The move is intended to quickly identify migrants eligible for refugee status and relocation into other European countries, and to filter out migrants who are seeking better economic opportunities and who are unlikely to qualify for asylum in Europe.

"The measures we have agreed [to] today will not end the crisis. But they are all necessary steps in the right direction," Tusk said at the conclusion of seven hours of meeting with the bloc's leaders.

He added that European leaders, who have disagreed acrimoniously with one another over how best to tackle the flow of people into the continent, finally appeared to reach agreement.

"Tonight we have a common understanding that we cannot continue like we did before," he said, adding that the crisis will only deepen.

"It is clear that the greatest tide of refugees and migrants is yet to come," he said. "Therefore we need to correct the policy of open doors and windows."

The leaders also pledged to boost support to Lebanon, Turkey and Jordan to help them cope with the millions fleeing the fighting in Syria.

"The more money we give to address the root causes that are driving people to leave, the less likely they will be to leave their homes," German Chancellor Angela Merkel said.

About half a million people have fled to Europe so far this year in search of sanctuary or jobs.

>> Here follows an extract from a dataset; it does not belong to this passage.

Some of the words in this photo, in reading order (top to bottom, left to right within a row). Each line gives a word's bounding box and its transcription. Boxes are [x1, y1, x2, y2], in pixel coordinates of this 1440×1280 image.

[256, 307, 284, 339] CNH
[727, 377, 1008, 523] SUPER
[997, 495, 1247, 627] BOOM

As numbers swell, nations have tightened border security. Hungary has put up a razor-wire fence along its border with Serbia and is close to completing a similar fence separating it from fellow EU member Croatia.

As the session began Wednesday evening, Tusk urged divided EU nations to set aside their differences and work together to hammer out a concrete plan "in place of the arguments and the chaos we have witnessed in the last weeks."

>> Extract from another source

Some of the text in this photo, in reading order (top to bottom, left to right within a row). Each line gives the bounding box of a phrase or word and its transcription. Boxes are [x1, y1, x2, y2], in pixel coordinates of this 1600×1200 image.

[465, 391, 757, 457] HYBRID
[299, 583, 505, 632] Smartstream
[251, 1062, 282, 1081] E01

French President Francois Hollande was more blunt.

"Those who don't share our values, those who don't even want to respect those principles, need to start asking themselves questions about their place in the European Union," he said on his way into the meeting.

Migrant-spreading plan

The conclave came a day after EU interior ministers pushed through a plan -- over the objections of four central European nations -- to spread 120,000 asylum seekers across Europe.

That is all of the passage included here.